**WHAT YOU WILL DO**.
What is needed is an exact copy of all the records below.

►

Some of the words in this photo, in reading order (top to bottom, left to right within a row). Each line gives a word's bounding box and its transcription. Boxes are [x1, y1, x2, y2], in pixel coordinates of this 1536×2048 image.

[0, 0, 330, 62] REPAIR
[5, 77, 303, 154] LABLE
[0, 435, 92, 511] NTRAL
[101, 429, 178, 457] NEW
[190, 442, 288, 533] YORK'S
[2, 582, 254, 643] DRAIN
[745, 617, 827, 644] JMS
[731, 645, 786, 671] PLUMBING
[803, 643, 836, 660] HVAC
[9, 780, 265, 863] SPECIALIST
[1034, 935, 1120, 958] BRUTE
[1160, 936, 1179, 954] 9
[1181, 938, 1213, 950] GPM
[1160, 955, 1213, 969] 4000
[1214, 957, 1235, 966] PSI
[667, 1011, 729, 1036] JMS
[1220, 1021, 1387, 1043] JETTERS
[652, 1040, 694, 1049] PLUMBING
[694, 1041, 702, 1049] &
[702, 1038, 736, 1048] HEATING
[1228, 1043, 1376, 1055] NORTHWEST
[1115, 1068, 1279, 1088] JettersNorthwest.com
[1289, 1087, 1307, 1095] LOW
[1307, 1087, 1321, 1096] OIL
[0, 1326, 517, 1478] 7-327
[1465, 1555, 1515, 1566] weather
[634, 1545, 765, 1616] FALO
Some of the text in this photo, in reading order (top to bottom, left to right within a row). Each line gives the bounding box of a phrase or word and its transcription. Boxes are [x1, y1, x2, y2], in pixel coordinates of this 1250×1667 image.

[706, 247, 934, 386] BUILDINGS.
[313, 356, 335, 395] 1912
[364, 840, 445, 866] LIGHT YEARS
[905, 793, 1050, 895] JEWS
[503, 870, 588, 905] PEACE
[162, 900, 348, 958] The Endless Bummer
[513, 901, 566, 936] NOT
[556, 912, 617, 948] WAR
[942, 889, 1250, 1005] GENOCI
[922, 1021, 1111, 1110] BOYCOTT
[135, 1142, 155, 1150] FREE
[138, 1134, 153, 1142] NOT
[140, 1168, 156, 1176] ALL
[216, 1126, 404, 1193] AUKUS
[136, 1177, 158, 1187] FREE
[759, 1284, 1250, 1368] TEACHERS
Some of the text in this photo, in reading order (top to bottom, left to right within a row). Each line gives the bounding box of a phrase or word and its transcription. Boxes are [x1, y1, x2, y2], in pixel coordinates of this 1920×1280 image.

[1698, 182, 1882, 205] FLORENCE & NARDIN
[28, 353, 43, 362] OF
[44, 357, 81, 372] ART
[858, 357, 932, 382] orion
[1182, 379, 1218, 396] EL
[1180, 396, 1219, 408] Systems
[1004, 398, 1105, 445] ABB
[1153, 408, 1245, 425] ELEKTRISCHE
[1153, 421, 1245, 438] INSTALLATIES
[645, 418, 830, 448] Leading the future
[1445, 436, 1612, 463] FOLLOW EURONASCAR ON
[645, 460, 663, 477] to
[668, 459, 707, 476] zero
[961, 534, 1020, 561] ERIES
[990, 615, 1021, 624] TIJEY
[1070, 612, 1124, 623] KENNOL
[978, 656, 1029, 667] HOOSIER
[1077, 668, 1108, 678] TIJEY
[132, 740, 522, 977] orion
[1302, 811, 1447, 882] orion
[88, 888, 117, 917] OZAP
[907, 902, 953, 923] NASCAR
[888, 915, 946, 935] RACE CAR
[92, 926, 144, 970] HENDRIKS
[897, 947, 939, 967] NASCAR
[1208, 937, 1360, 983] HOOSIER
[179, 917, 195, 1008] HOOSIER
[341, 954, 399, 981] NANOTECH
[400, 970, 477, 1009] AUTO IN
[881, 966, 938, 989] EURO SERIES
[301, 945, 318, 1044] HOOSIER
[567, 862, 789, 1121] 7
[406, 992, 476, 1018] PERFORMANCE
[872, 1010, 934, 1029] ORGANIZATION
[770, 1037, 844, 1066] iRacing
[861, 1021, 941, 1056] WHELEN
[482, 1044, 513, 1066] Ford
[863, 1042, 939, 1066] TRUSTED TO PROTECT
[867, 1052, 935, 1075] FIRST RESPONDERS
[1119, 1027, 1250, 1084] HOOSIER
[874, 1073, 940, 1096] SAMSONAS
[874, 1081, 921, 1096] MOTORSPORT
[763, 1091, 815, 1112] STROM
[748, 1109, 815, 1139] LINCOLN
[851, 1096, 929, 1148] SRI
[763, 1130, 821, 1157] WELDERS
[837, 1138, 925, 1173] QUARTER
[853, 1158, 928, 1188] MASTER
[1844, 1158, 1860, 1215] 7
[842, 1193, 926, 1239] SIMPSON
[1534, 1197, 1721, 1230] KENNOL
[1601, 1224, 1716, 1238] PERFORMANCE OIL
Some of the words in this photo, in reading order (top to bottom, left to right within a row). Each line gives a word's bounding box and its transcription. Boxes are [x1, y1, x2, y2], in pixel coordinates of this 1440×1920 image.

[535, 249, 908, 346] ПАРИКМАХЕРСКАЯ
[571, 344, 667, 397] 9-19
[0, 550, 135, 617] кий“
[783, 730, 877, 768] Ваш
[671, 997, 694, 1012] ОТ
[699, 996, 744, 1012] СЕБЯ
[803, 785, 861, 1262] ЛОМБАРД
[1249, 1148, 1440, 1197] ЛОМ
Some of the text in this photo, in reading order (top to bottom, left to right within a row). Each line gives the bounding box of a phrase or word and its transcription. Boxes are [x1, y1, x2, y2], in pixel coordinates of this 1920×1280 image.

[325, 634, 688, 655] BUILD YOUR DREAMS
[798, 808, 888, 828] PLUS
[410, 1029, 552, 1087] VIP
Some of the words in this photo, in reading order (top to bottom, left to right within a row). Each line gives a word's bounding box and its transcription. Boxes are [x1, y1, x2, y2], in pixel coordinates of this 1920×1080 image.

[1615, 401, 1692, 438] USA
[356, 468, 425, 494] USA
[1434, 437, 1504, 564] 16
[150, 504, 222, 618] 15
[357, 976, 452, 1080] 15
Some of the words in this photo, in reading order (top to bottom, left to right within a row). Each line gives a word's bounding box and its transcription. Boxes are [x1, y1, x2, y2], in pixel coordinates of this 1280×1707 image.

◄

**OUTPUT**.
Some of the words in this photo, in reading order (top to bottom, left to right within a row). Each line gives a word's bounding box and its transcription. Boxes are [x1, y1, x2, y2], in pixel coordinates of this 1536×2048 image.

[0, 0, 330, 62] REPAIR
[5, 77, 303, 154] LABLE
[0, 435, 92, 511] NTRAL
[101, 429, 178, 457] NEW
[190, 442, 288, 533] YORK'S
[2, 582, 254, 643] DRAIN
[745, 617, 827, 644] JMS
[731, 645, 786, 671] PLUMBING
[803, 643, 836, 660] HVAC
[9, 780, 265, 863] SPECIALIST
[1034, 935, 1120, 958] BRUTE
[1160, 936, 1179, 954] 9
[1181, 938, 1213, 950] GPM
[1160, 955, 1213, 969] 4000
[1214, 957, 1235, 966] PSI
[667, 1011, 729, 1036] JMS
[1220, 1021, 1387, 1043] JETTERS
[652, 1040, 694, 1049] PLUMBING
[694, 1041, 702, 1049] &
[702, 1038, 736, 1048] HEATING
[1228, 1043, 1376, 1055] NORTHWEST
[1115, 1068, 1279, 1088] JettersNorthwest.com
[1289, 1087, 1307, 1095] LOW
[1307, 1087, 1321, 1096] OIL
[0, 1326, 517, 1478] 7-327
[1465, 1555, 1515, 1566] weather
[634, 1545, 765, 1616] FALO
Some of the text in this photo, in reading order (top to bottom, left to right within a row). Each line gives the bounding box of a phrase or word and its transcription. Boxes are [x1, y1, x2, y2], in pixel coordinates of this 1250×1667 image.

[706, 247, 934, 386] BUILDINGS.
[313, 356, 335, 395] 1912
[364, 840, 445, 866] LIGHT YEARS
[905, 793, 1050, 895] JEWS
[503, 870, 588, 905] PEACE
[162, 900, 348, 958] The Endless Bummer
[513, 901, 566, 936] NOT
[556, 912, 617, 948] WAR
[942, 889, 1250, 1005] GENOCI
[922, 1021, 1111, 1110] BOYCOTT
[135, 1142, 155, 1150] FREE
[138, 1134, 153, 1142] NOT
[140, 1168, 156, 1176] ALL
[216, 1126, 404, 1193] AUKUS
[136, 1177, 158, 1187] FREE
[759, 1284, 1250, 1368] TEACHERS
Some of the text in this photo, in reading order (top to bottom, left to right within a row). Each line gives the bounding box of a phrase or word and its transcription. Boxes are [x1, y1, x2, y2], in pixel coordinates of this 1920×1280 image.

[1698, 182, 1882, 205] FLORENCE & NARDIN
[28, 353, 43, 362] OF
[44, 357, 81, 372] ART
[858, 357, 932, 382] orion
[1182, 379, 1218, 396] EL
[1180, 396, 1219, 408] Systems
[1004, 398, 1105, 445] ABB
[1153, 408, 1245, 425] ELEKTRISCHE
[1153, 421, 1245, 438] INSTALLATIES
[645, 418, 830, 448] Leading the future
[1445, 436, 1612, 463] FOLLOW EURONASCAR ON
[645, 460, 663, 477] to
[668, 459, 707, 476] zero
[961, 534, 1020, 561] ERIES
[990, 615, 1021, 624] TIJEY
[1070, 612, 1124, 623] KENNOL
[978, 656, 1029, 667] HOOSIER
[1077, 668, 1108, 678] TIJEY
[132, 740, 522, 977] orion
[1302, 811, 1447, 882] orion
[88, 888, 117, 917] OZAP
[907, 902, 953, 923] NASCAR
[888, 915, 946, 935] RACE CAR
[92, 926, 144, 970] HENDRIKS
[897, 947, 939, 967] NASCAR
[1208, 937, 1360, 983] HOOSIER
[179, 917, 195, 1008] HOOSIER
[341, 954, 399, 981] NANOTECH
[400, 970, 477, 1009] AUTO IN
[881, 966, 938, 989] EURO SERIES
[301, 945, 318, 1044] HOOSIER
[567, 862, 789, 1121] 7
[406, 992, 476, 1018] PERFORMANCE
[872, 1010, 934, 1029] ORGANIZATION
[770, 1037, 844, 1066] iRacing
[861, 1021, 941, 1056] WHELEN
[482, 1044, 513, 1066] Ford
[863, 1042, 939, 1066] TRUSTED TO PROTECT
[867, 1052, 935, 1075] FIRST RESPONDERS
[1119, 1027, 1250, 1084] HOOSIER
[874, 1073, 940, 1096] SAMSONAS
[874, 1081, 921, 1096] MOTORSPORT
[763, 1091, 815, 1112] STROM
[748, 1109, 815, 1139] LINCOLN
[851, 1096, 929, 1148] SRI
[763, 1130, 821, 1157] WELDERS
[837, 1138, 925, 1173] QUARTER
[853, 1158, 928, 1188] MASTER
[1844, 1158, 1860, 1215] 7
[842, 1193, 926, 1239] SIMPSON
[1534, 1197, 1721, 1230] KENNOL
[1601, 1224, 1716, 1238] PERFORMANCE OIL
Some of the words in this photo, in reading order (top to bottom, left to right within a row). Each line gives a word's bounding box and its transcription. Boxes are [x1, y1, x2, y2], in pixel coordinates of this 1440×1920 image.

[535, 249, 908, 346] ПАРИКМАХЕРСКАЯ
[571, 344, 667, 397] 9-19
[0, 550, 135, 617] кий“
[783, 730, 877, 768] Ваш
[671, 997, 694, 1012] ОТ
[699, 996, 744, 1012] СЕБЯ
[803, 785, 861, 1262] ЛОМБАРД
[1249, 1148, 1440, 1197] ЛОМ
Some of the text in this photo, in reading order (top to bottom, left to right within a row). Each line gives the bounding box of a phrase or word and its transcription. Boxes are [x1, y1, x2, y2], in pixel coordinates of this 1920×1280 image.

[325, 634, 688, 655] BUILD YOUR DREAMS
[798, 808, 888, 828] PLUS
[410, 1029, 552, 1087] VIP
Some of the words in this photo, in reading order (top to bottom, left to right within a row). Each line gives a word's bounding box and its transcription. Boxes are [x1, y1, x2, y2], in pixel coordinates of this 1920×1080 image.

[1615, 401, 1692, 438] USA
[356, 468, 425, 494] USA
[1434, 437, 1504, 564] 16
[150, 504, 222, 618] 15
[357, 976, 452, 1080] 15
Some of the words in this photo, in reading order (top to bottom, left to right within a row). Each line gives a word's bounding box and its transcription. Boxes are [x1, y1, x2, y2], in pixel coordinates of this 1280×1707 image.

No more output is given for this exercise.